>>

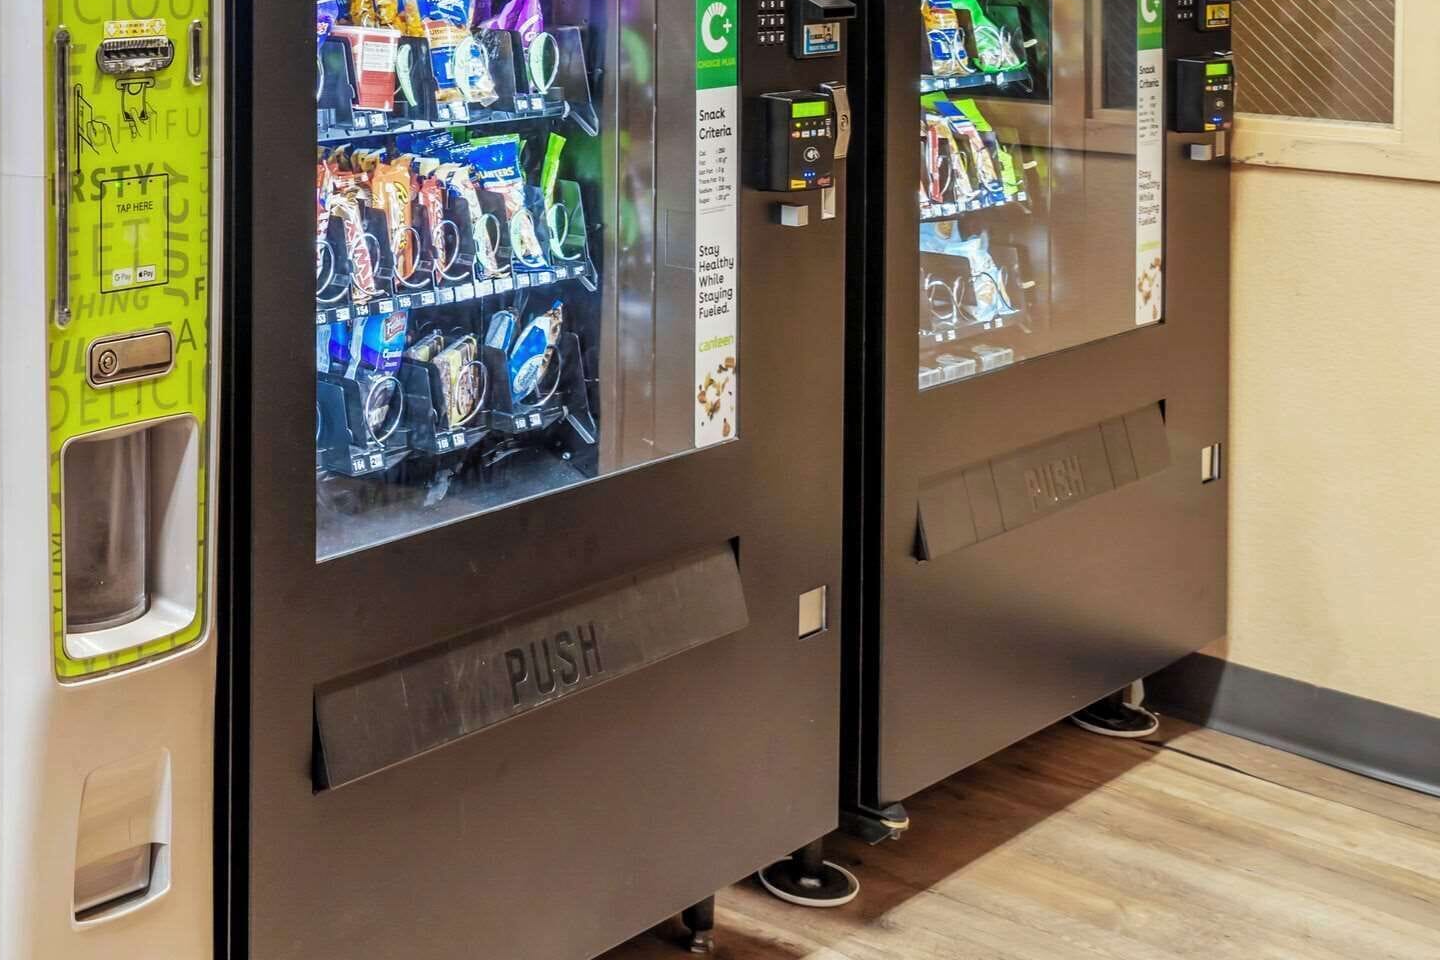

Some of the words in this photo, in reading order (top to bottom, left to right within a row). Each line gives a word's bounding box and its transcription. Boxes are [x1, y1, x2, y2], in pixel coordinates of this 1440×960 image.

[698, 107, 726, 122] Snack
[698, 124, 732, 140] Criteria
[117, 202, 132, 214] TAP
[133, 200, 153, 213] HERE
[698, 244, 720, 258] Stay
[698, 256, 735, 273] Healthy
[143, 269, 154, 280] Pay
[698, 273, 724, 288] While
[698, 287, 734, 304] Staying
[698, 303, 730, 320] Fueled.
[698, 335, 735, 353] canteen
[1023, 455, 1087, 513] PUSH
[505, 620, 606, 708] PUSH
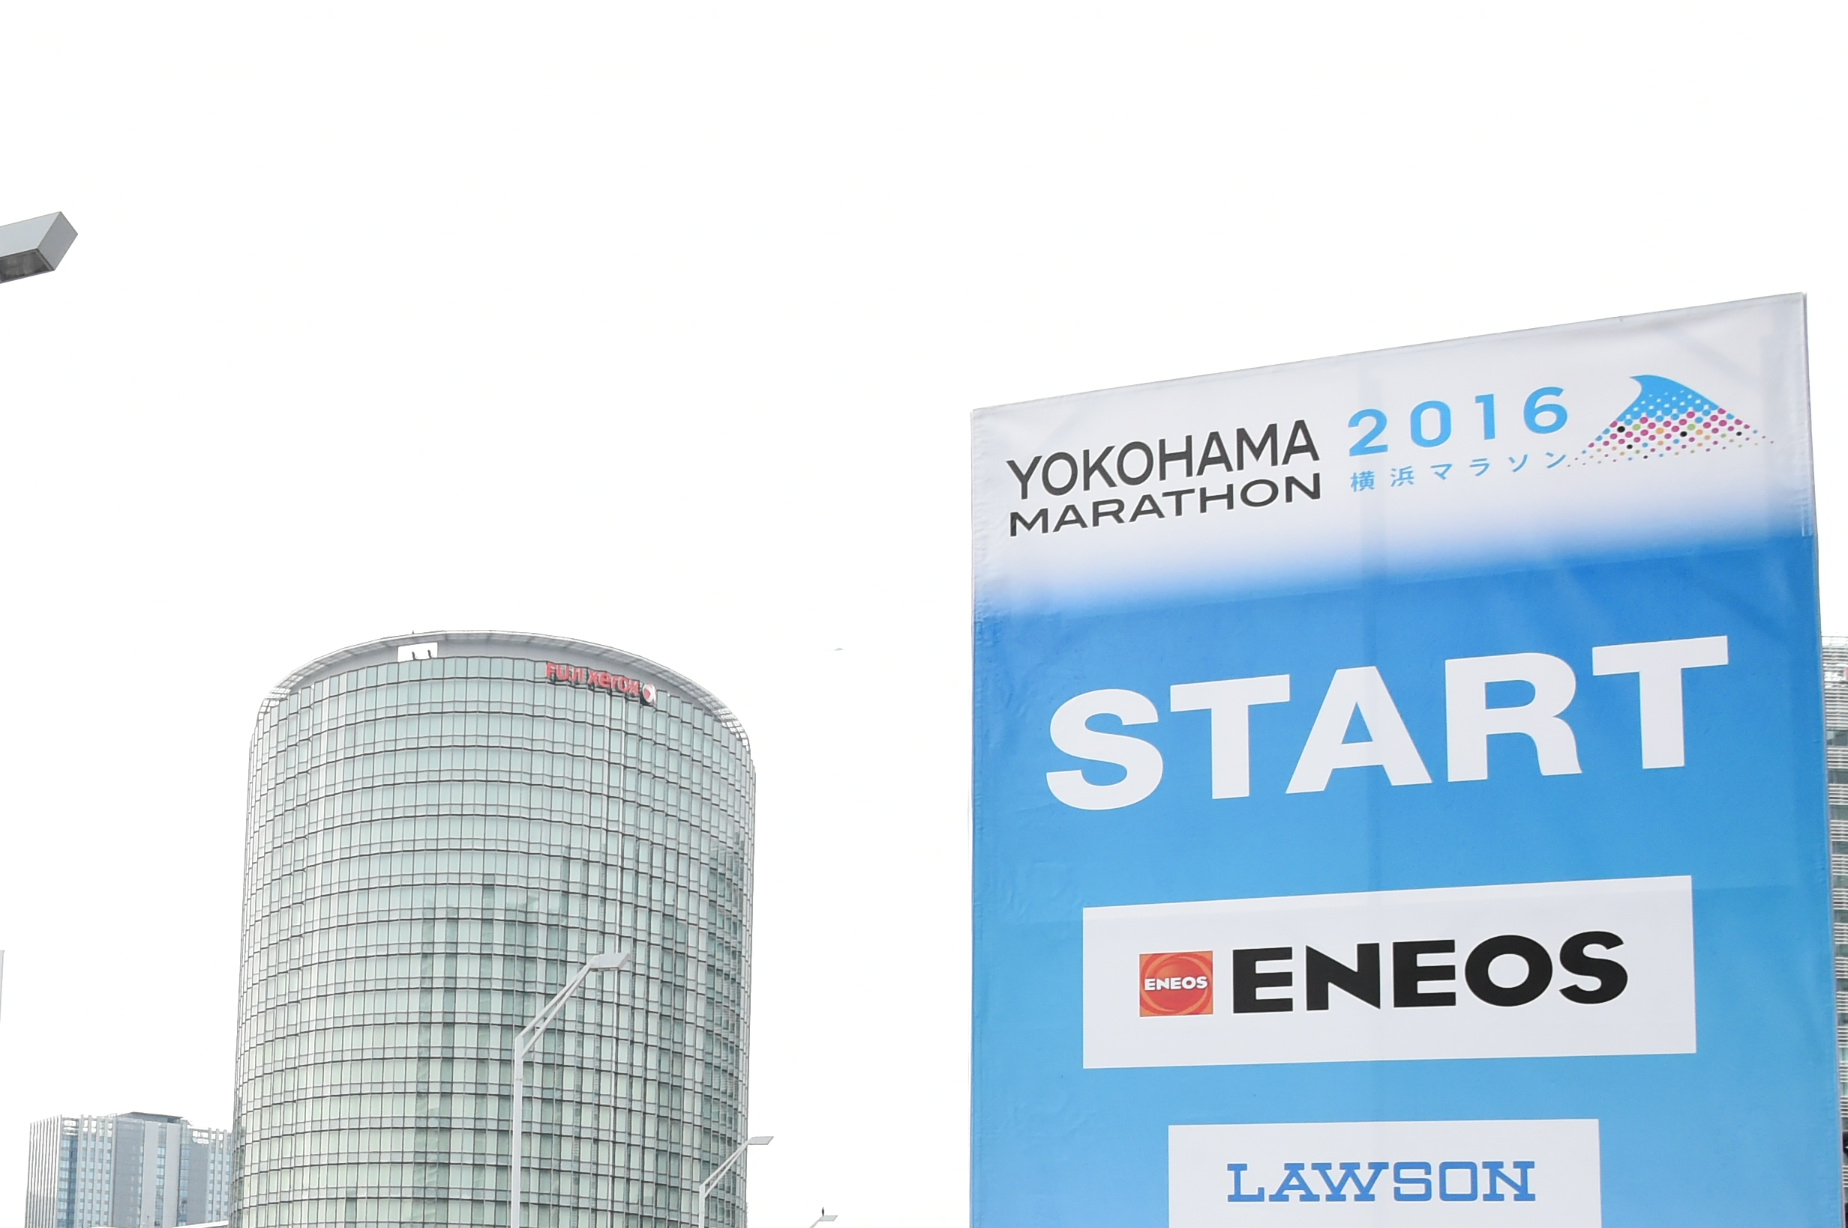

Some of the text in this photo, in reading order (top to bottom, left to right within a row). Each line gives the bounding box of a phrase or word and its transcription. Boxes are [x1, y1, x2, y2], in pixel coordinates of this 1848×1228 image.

<<
>>

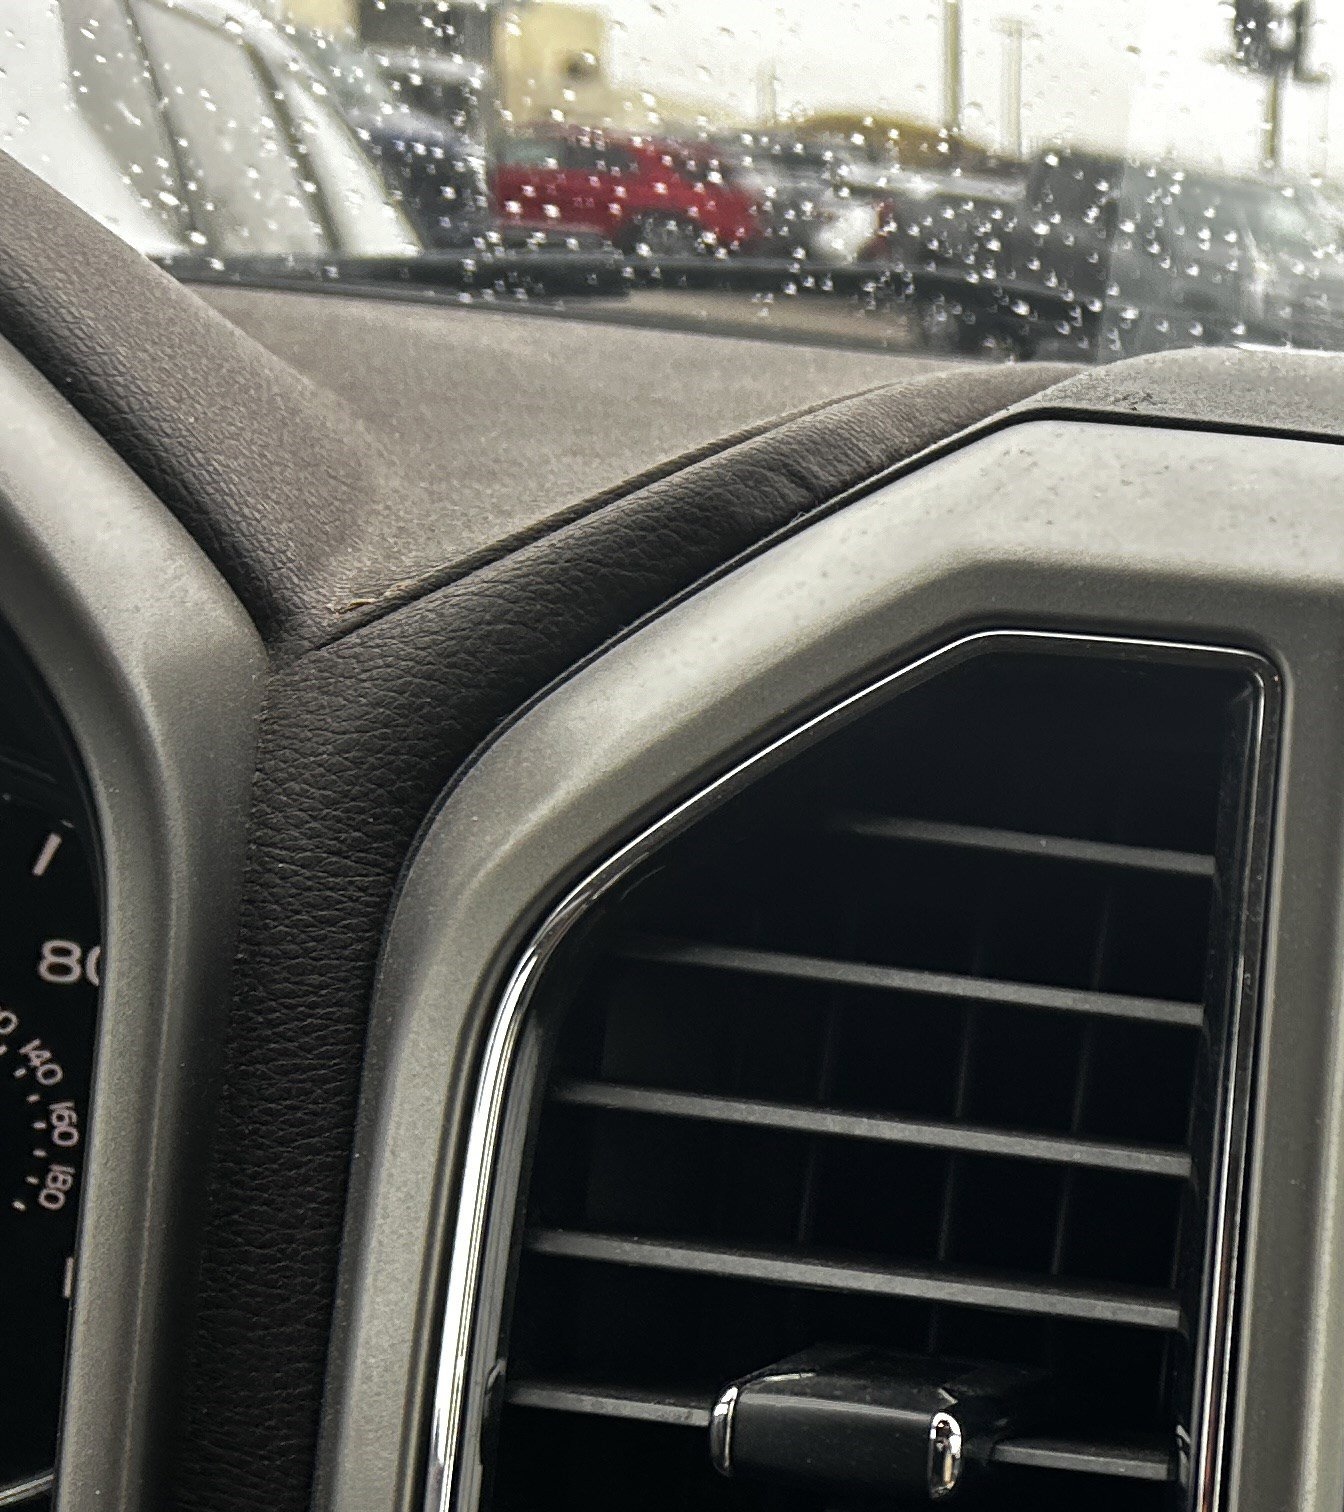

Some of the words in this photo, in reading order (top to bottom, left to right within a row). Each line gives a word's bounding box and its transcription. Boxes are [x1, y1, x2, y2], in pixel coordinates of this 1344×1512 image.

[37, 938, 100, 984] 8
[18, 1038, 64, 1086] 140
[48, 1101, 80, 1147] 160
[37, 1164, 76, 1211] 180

<<
>>

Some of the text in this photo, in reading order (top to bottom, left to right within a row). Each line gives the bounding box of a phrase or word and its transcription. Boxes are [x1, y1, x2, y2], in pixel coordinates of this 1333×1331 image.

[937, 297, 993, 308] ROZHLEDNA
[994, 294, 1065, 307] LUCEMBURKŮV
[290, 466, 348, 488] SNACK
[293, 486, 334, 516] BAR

<<

Task details: Copy out the lines above from the line containing "this 1440×960 image." through the line containing "this 1848×1228 image.", exactly, and keep the pictures out.

Exercise answer:
Some of the words in this photo, in reading order (top to bottom, left to right within a row). Each line gives a word's bounding box and its transcription. Boxes are [x1, y1, x2, y2], in pixel coordinates of this 1440×960 image.

[698, 107, 726, 122] Snack
[698, 124, 732, 140] Criteria
[117, 202, 132, 214] TAP
[133, 200, 153, 213] HERE
[698, 244, 720, 258] Stay
[698, 256, 735, 273] Healthy
[143, 269, 154, 280] Pay
[698, 273, 724, 288] While
[698, 287, 734, 304] Staying
[698, 303, 730, 320] Fueled.
[698, 335, 735, 353] canteen
[1023, 455, 1087, 513] PUSH
[505, 620, 606, 708] PUSH

Some of the text in this photo, in reading order (top to bottom, left to right within a row). Each line gives the bounding box of a phrase or word and its transcription. Boxes are [x1, y1, x2, y2], in pixel coordinates of this 1848×1228 image.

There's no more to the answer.